Der Samurai
Till Kleinert’s indie sensation Der Samurai might be cut from the same spiritual cloth as the meta, post-modern horrors of the 1990s, but it’s quite unlike anything you’ve seen before. Another crowd-funding success story, proving that the genre is firmly in the hands of creators, and the most interesting things are happening well outside of studio jurisdiction.
Not since the triumph of Angela Carter’s Bloody Chamber have werewolves been so scrutinised. Der Samurai owes as much to fairy-tales as any of Carter’s stories, and it often bears a resemblance to the gothic splendour of Neil Jordan’s The Company of Wolves, based on the Carter short of the same name. Not only has it reinvented the werewolf subgenre, but proved there’s still bold new frontiers for horror.
Like many backwoods horror, it taps into the insular isolation of small towns, and you quickly feel cut off. It’s vividly shot, with cinematographer Martin Hanslmayr showing off his chops in constructing and framing a shot, with playful, elegant and experimental camerawork. The film has a Lynchian use of sound and images, but there is something distinctly European about it, something very German; the industrial thrum, the beautiful sparseness and the otherness.

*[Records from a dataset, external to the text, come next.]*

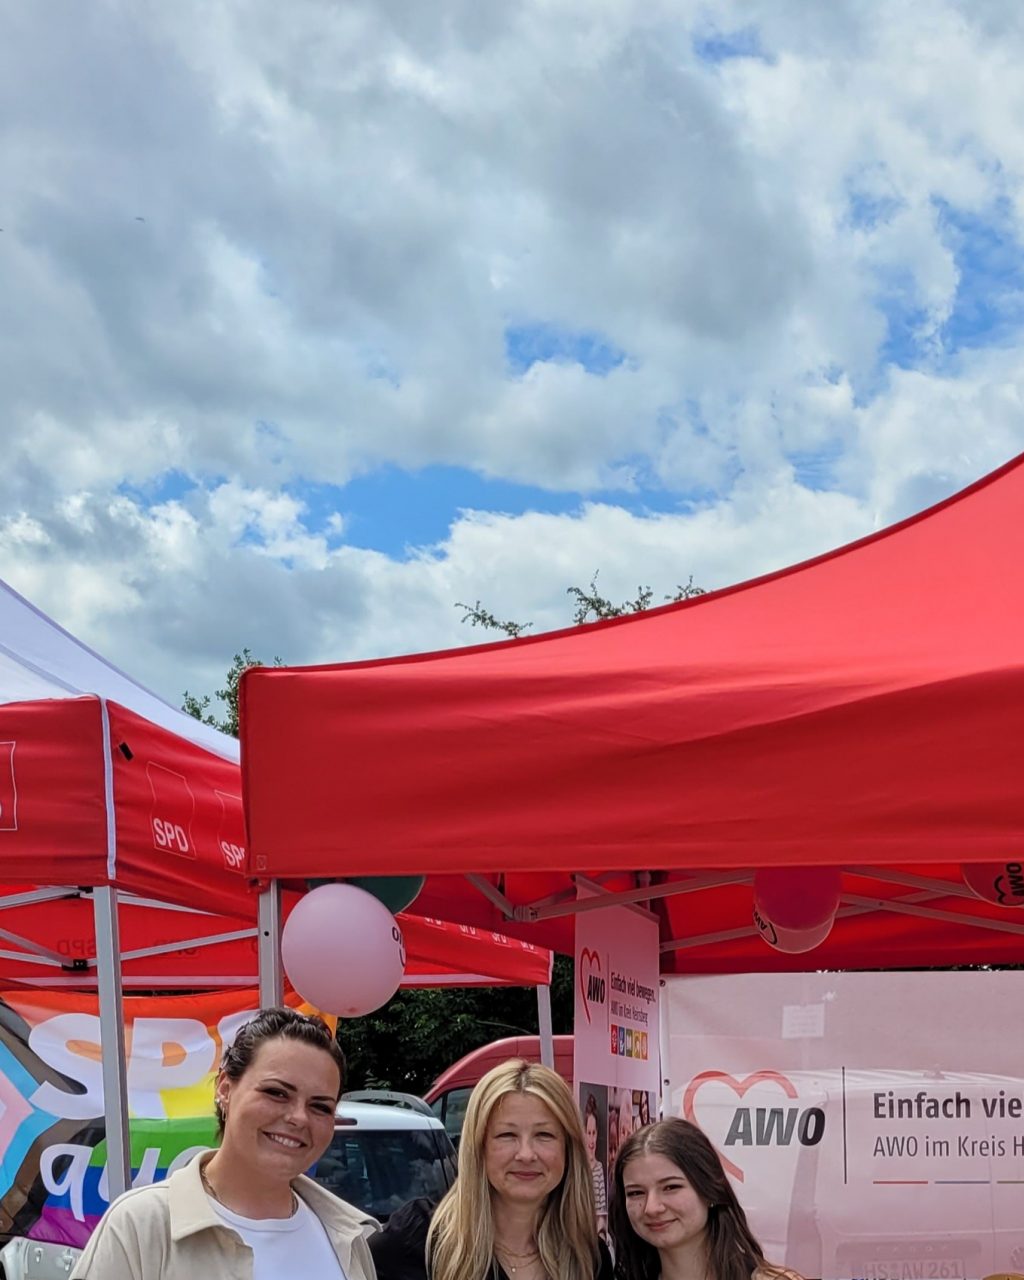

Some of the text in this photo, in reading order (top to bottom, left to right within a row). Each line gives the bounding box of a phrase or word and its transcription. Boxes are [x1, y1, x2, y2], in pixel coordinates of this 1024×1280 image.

[153, 818, 189, 852] SPD
[587, 974, 605, 1004] AWO
[28, 1009, 258, 1120] SP
[873, 1091, 971, 1119] Einfach
[724, 1107, 825, 1146] AWO
[873, 1136, 918, 1157] AWO
[925, 1136, 949, 1157] im
[958, 1135, 1005, 1157] Kreis
[928, 1261, 960, 1280] 261
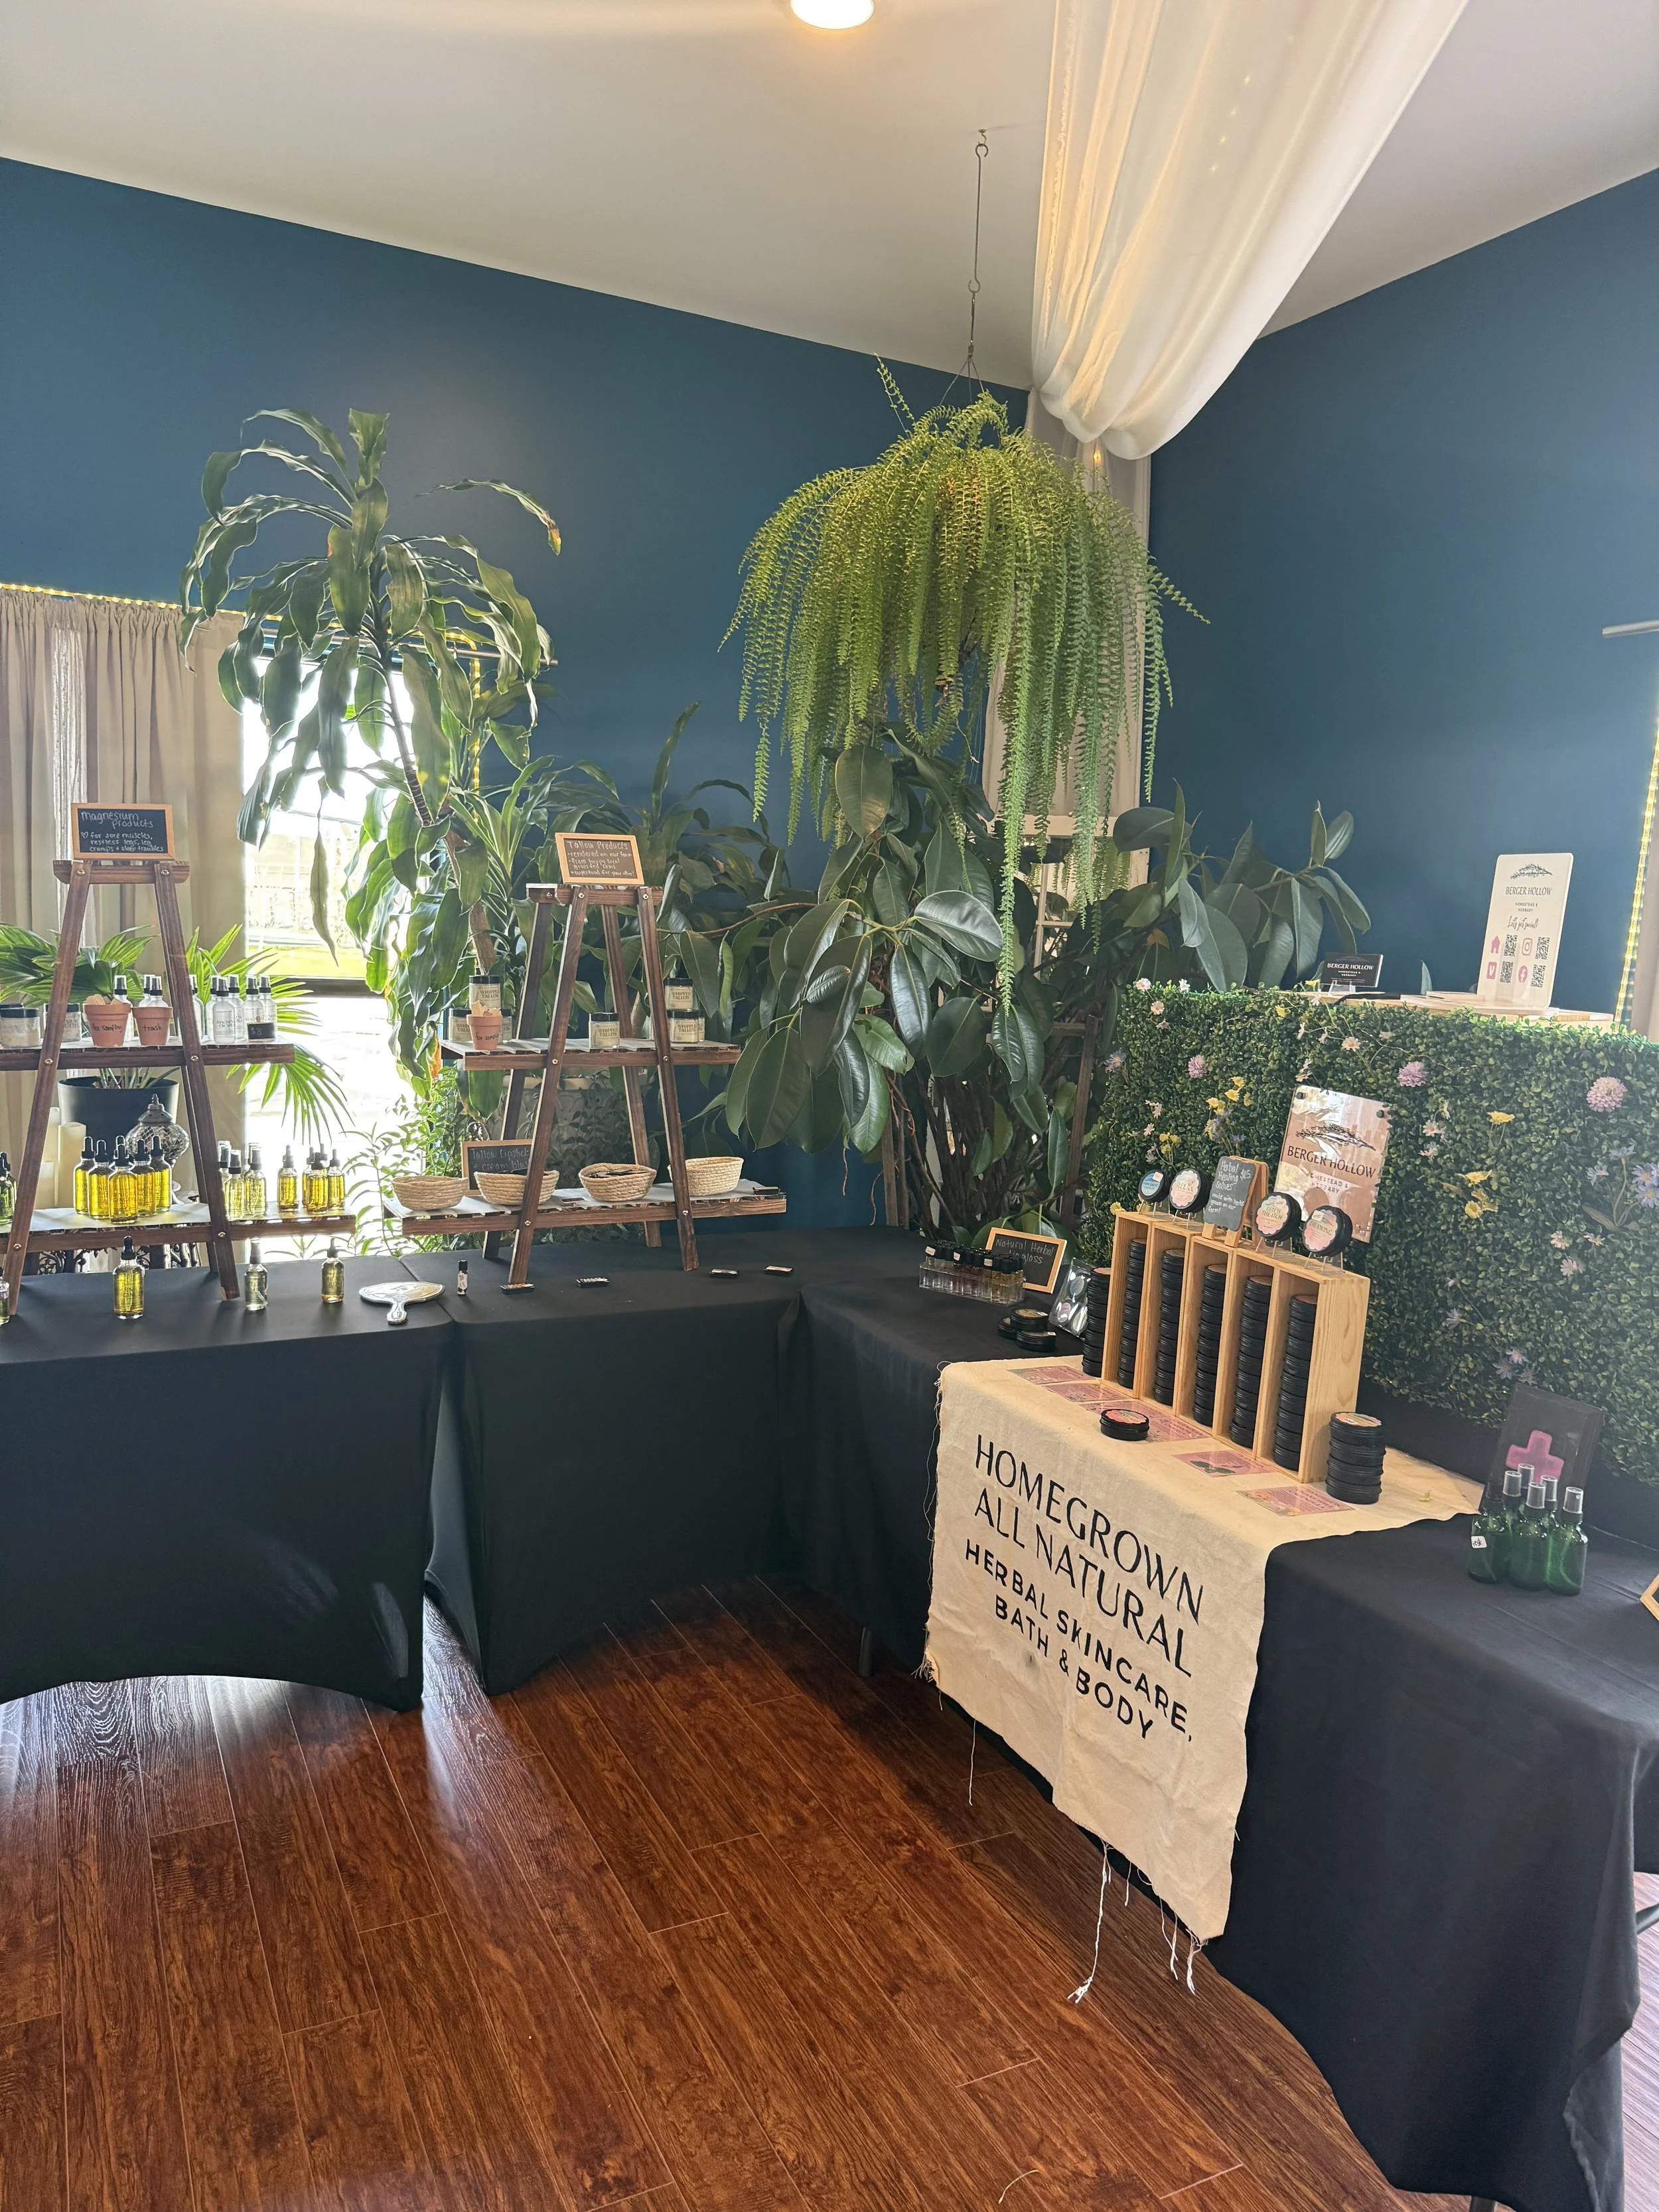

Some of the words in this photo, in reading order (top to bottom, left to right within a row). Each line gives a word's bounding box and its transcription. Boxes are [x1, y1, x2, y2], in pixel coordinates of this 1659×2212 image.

[111, 819, 154, 829] products
[567, 841, 594, 849] Tallow
[597, 841, 628, 849] Products
[1506, 887, 1527, 895] BERGER
[1528, 887, 1552, 896] HOLLOW
[470, 1148, 497, 1160] Tallow
[1287, 1146, 1327, 1167] BERGER
[1330, 1159, 1376, 1179] HOLLOW
[1218, 1171, 1238, 1184] Healing
[1240, 1169, 1251, 1181] $15
[1176, 1182, 1193, 1192] RELAX
[1216, 1181, 1233, 1191] Salves
[995, 1238, 1027, 1250] Natural
[1031, 1242, 1054, 1256] Herbal
[1022, 1253, 1043, 1265] gloss
[975, 1435, 1204, 1623] HOMEGROWN
[974, 1488, 1025, 1548] ALL
[1036, 1525, 1192, 1678] NATURAL
[965, 1538, 1048, 1619] HERBAL
[1056, 1610, 1192, 1742] SKINCARE,
[995, 1595, 1049, 1657] BATH
[1059, 1650, 1070, 1677] &
[1076, 1667, 1153, 1739] BODY

Michel Diercks has an unnerving and compelling presence as Jakob, and you never quite feel safe in his company despite spending the entire film in his police uniform and caring for his grandmother. He’s introverted and preoccupied with a wolf that has been roaming the woodland surrounding the town. He’s fervently obsessed, like a screen killer with their own infamy. You get the sense of his repression, of a fundamental lacking in his character, and his life slowly unravels after a dramatic meeting with the titular samurai. And whether this leads to his ultimate downfall or liberation, is up for debate.
The Samurai is a mischievous and chaotic character, a force of nature sensuously played by Pit Bukowski with a dancer’s grace. He captivates and steals every scene he’s in, garbed in a long white dress and brandishing a sword. Der Samurai is a homo-erotic story of musicality, of repression, wrapped up in the guise of a gothic werewolf movie, with one toe always in traditional folklore. It’s often surreal, filled with strange humour, and utterly absorbing.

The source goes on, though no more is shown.